By default, RBush assumes the format of data points to be an object with minX, minY, maxX and maxY properties. You can customize this by overriding toBBox, compareMinX and compareMinY methods like this:

class MyRBush extends RBush {
    toBBox([x, y]) { return {minX: x, minY: y, maxX: x, maxY: y}; }
    compareMinX(a, b) { return a.x - b.x; }
    compareMinY(a, b) { return a.y - b.y; }
}
const tree = new MyRBush();
tree.insert([20, 50]); // accepts [x, y] points

If you're indexing a static list of points (you don't need to add/remove points after indexing), you should use kdbush which performs point indexing 5-8x faster than RBush.

Bulk-Inserting Data

Bulk-insert the given data into the tree:

tree.load([item1, item2, ...]);

Bulk insertion is usually ~2-3 times faster than inserting items one by one. After bulk loading (bulk insertion into an empty tree), subsequent query performance is also ~20-30% better.

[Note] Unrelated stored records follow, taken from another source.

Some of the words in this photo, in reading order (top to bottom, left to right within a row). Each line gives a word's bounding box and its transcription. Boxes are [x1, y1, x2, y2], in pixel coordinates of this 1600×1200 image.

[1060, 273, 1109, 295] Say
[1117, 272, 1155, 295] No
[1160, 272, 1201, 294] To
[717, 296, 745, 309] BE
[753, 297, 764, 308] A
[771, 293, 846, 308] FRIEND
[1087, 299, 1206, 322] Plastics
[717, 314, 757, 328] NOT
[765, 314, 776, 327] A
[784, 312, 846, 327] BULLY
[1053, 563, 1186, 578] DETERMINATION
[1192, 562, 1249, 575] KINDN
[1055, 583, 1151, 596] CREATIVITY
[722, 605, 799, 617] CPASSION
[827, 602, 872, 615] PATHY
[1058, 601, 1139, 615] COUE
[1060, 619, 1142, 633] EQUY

Note that when you do bulk insertion into an existing tree, it bulk-loads the given data into a separate tree and inserts the smaller tree into the larger tree. This means that bulk insertion works very well for clustered data (where items in one update are close to each other), but makes query performance worse if the data is scattered.

Search

const result = tree.search({
    minX: 40,
    minY: 20,
    maxX: 80,
    maxY: 70
});

Returns an array of data items (points or rectangles) that the given bounding box intersects.

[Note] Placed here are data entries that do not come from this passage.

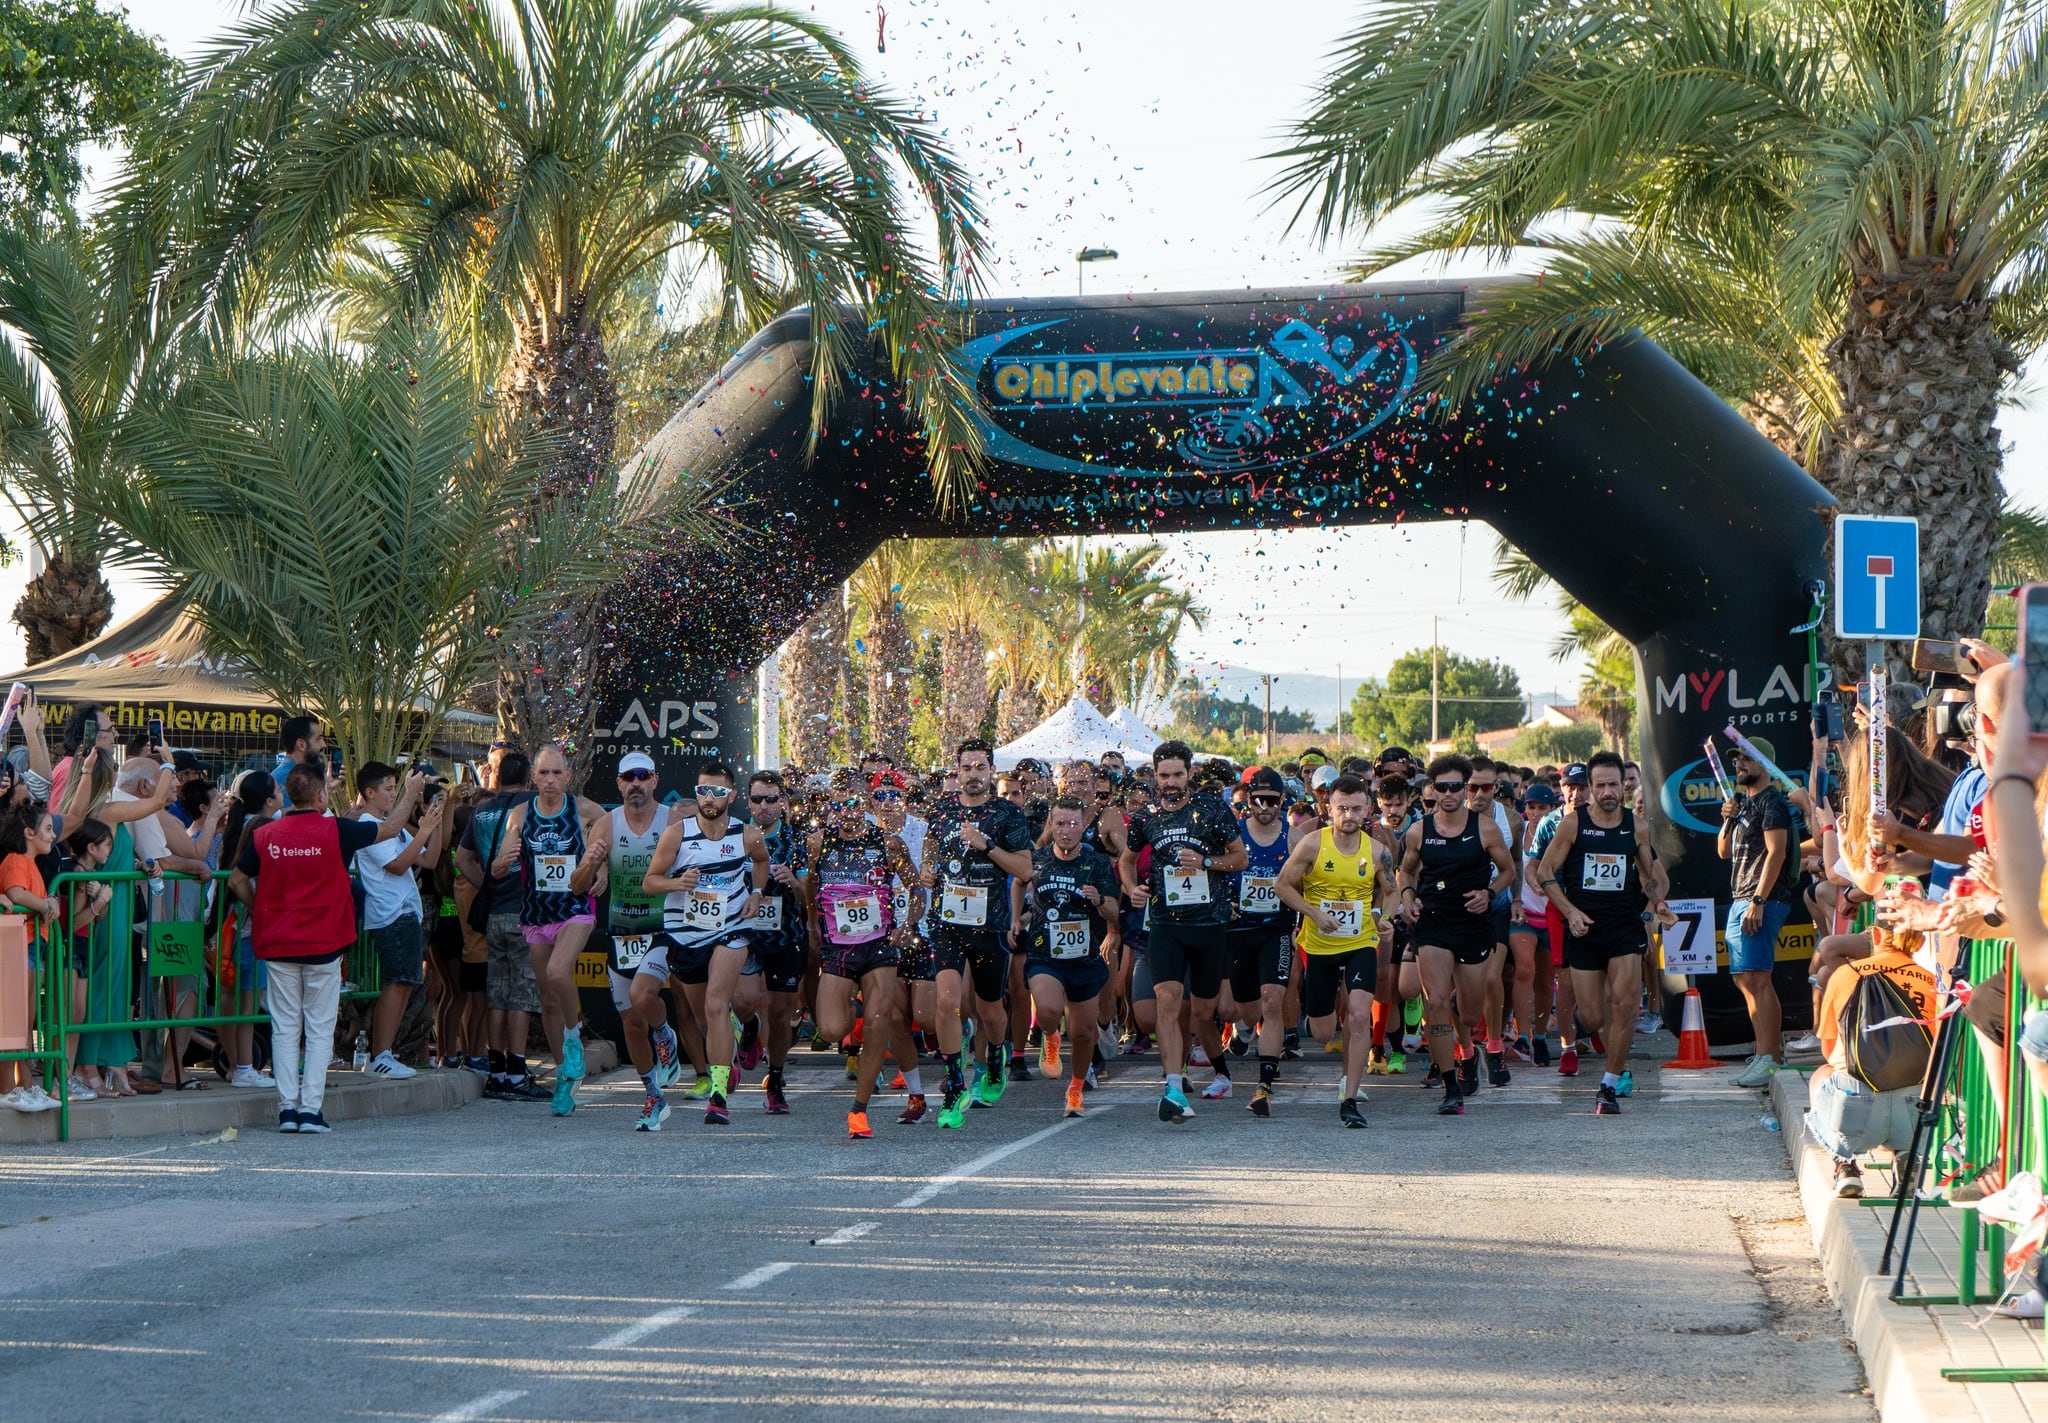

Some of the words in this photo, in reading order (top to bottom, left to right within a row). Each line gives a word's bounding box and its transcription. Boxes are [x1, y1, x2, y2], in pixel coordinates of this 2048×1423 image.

[995, 358, 1255, 404] Chiplevante
[989, 482, 1361, 513] www.chiplevante.com
[80, 650, 258, 674] MYLAP
[1656, 662, 1833, 716] MYLAP
[592, 698, 719, 739] LAPS
[1728, 710, 1798, 726] SPORTS
[596, 744, 652, 755] PORTS
[661, 745, 720, 757] TIMIN
[546, 865, 565, 879] 20
[1591, 863, 1620, 878] 120
[1181, 876, 1192, 891] 4
[1247, 886, 1276, 900] 206
[690, 899, 720, 916] 365
[960, 896, 968, 911] 1
[757, 905, 776, 919] 68
[847, 907, 869, 923] 98
[1056, 930, 1085, 946] 208
[1676, 912, 1702, 951] 7
[622, 940, 648, 955] 105
[1682, 954, 1697, 962] KM

Note that the search method accepts a bounding box in {minX, minY, maxX, maxY} format regardless of the data format.

const allItems = tree.all();

Returns all items of the tree.

Collisions

const result = tree.collides({minX: 40, minY: 20, maxX: 80, maxY: 70});

Returns true if there are any items intersecting the given bounding box, otherwise false.

Export and Import

// export data as JSON object
const treeData = tree.toJSON();

// import previously exported data
const tree = rbush(9).fromJSON(treeData);

Importing and exporting as JSON allows you to use RBush on both the server (using Node.js) and the browser combined, e.g. first indexing the data on the server and and then importing the resulting tree data on the client for searching.

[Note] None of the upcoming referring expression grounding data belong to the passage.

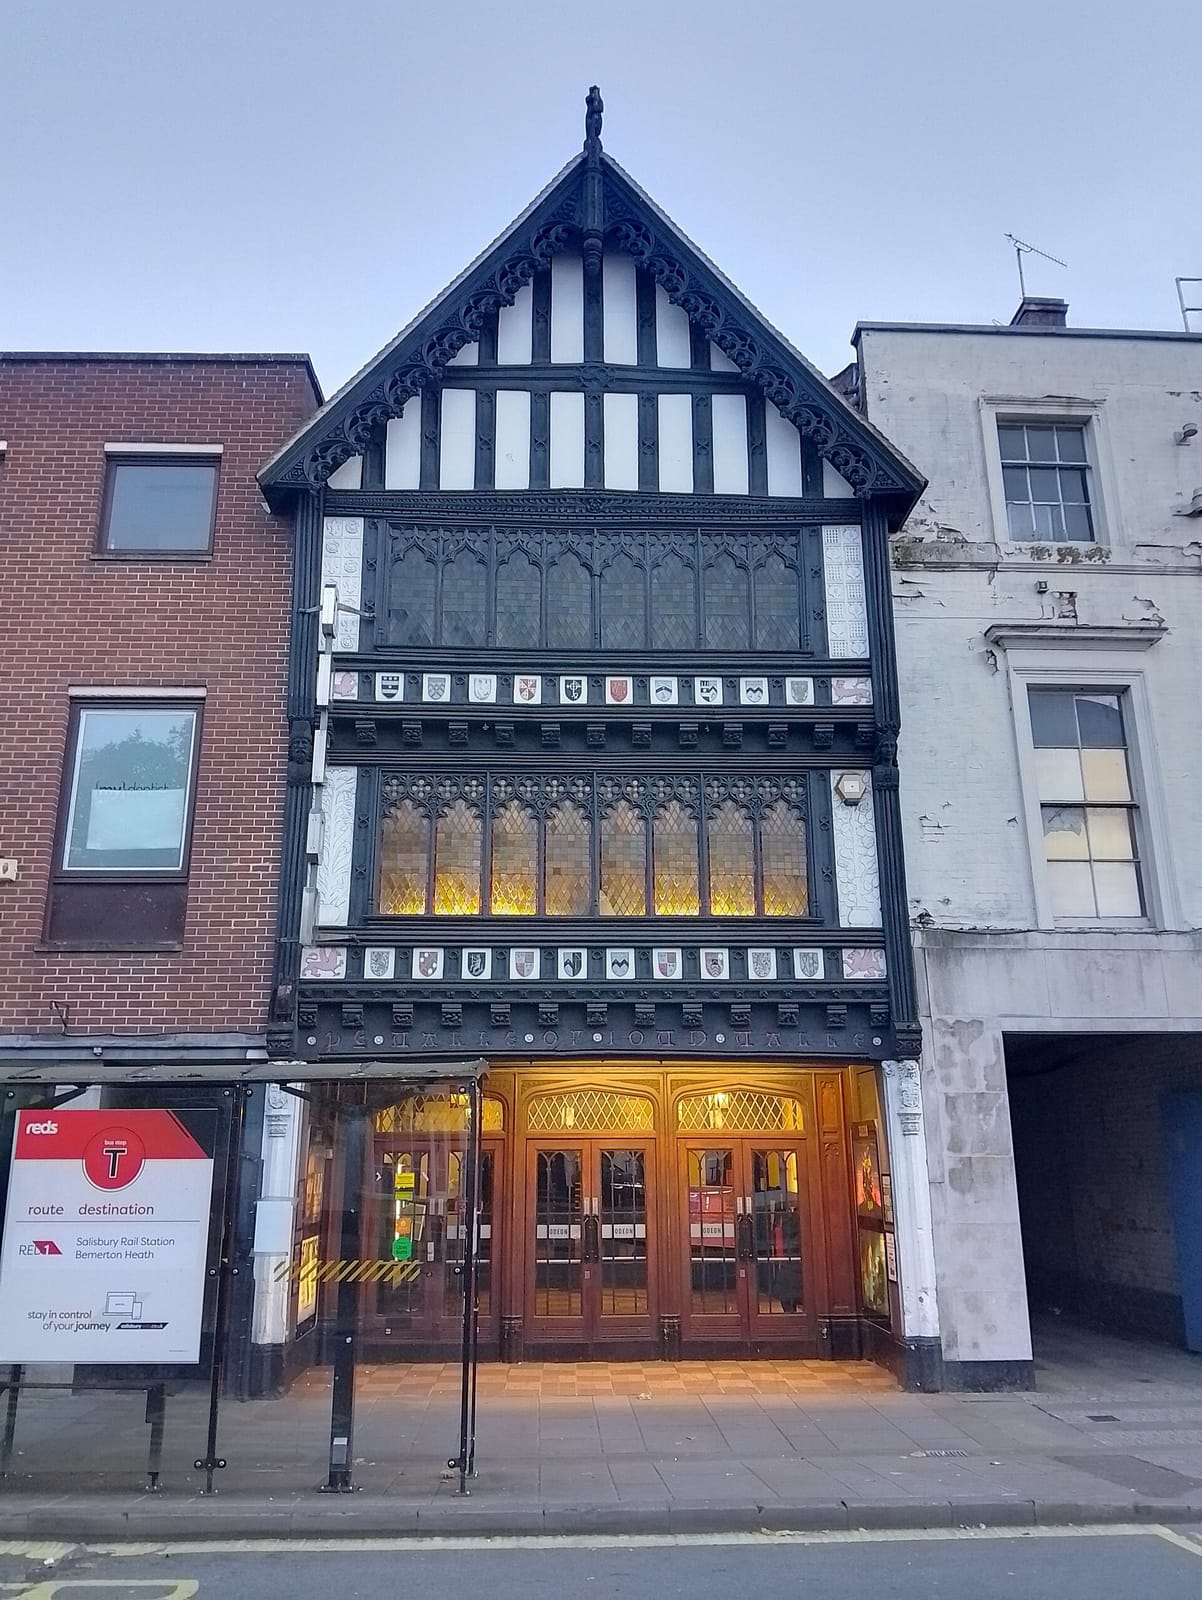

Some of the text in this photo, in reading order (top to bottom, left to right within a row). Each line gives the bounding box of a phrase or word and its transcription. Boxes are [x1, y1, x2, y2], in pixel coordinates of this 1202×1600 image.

[25, 1120, 59, 1135] reds
[115, 1139, 128, 1147] stop
[103, 1147, 128, 1179] T
[28, 1202, 155, 1216] route destination
[76, 1236, 176, 1248] Salisbury Rail Station
[75, 1249, 155, 1260] Bemerton Heath
[27, 1309, 93, 1321] stay in control
[42, 1321, 54, 1330] of
[53, 1322, 74, 1332] your
[73, 1321, 111, 1333] journey

Note that the nodeSize option passed to the constructor must be the same in both trees for export/import to work properly.

K-Nearest Neighbors

For "k nearest neighbors around a point" type of queries for RBush, check out rbush-knn.

Performance

The following sample performance test was done by generating random uniformly distributed rectangles of ~0.01% area and setting maxEntries to 16 (see debug/perf.js script). Performed with Node.js v6.2.2 on a Retina Macbook Pro 15 (mid-2012).

Test RBush old RTree Improvement
insert 1M items one by one 3.18s 7.83s 2.5x
1000 searches of 0.01% area 0.03s 0.93s 30x
1000 searches of 1% area 0.35s 2.27s 6.5x
1000 searches of 10% area 2.18s 9.53s 4.4x
remove 1000 items one by one 0.02s 1.18s 50x
bulk-insert 1M items 1.25s n/a 6.7x

Algorithms Used

  • single insertion: non-recursive R-tree insertion with overlap minimizing split routine from R*-tree (split is very effective in JS, while other R*-tree modifications like reinsertion on overflow and overlap minimizing subtree search are too slow and not worth it)
  • single deletion: non-recursive R-tree deletion using depth-first tree traversal with free-at-empty strategy (entries in underflowed nodes are not reinserted, instead underflowed nodes are kept in the tree and deleted only when empty, which is a good compromise of query vs removal performance)
  • bulk loading: OMT algorithm (Overlap Minimizing Top-down Bulk Loading) combined with Floyd–Rivest selection algorithm
  • bulk insertion: STLT algorithm (Small-Tree-Large-Tree)
  • search: standard non-recursive R-tree search

Papers

Development

npm install  # install dependencies

npm test     # lint the code and run tests
npm run perf # run performance benchmarks
npm run cov  # report test coverage

Compatibility

RBush should run on Node and all major browsers that support ES5.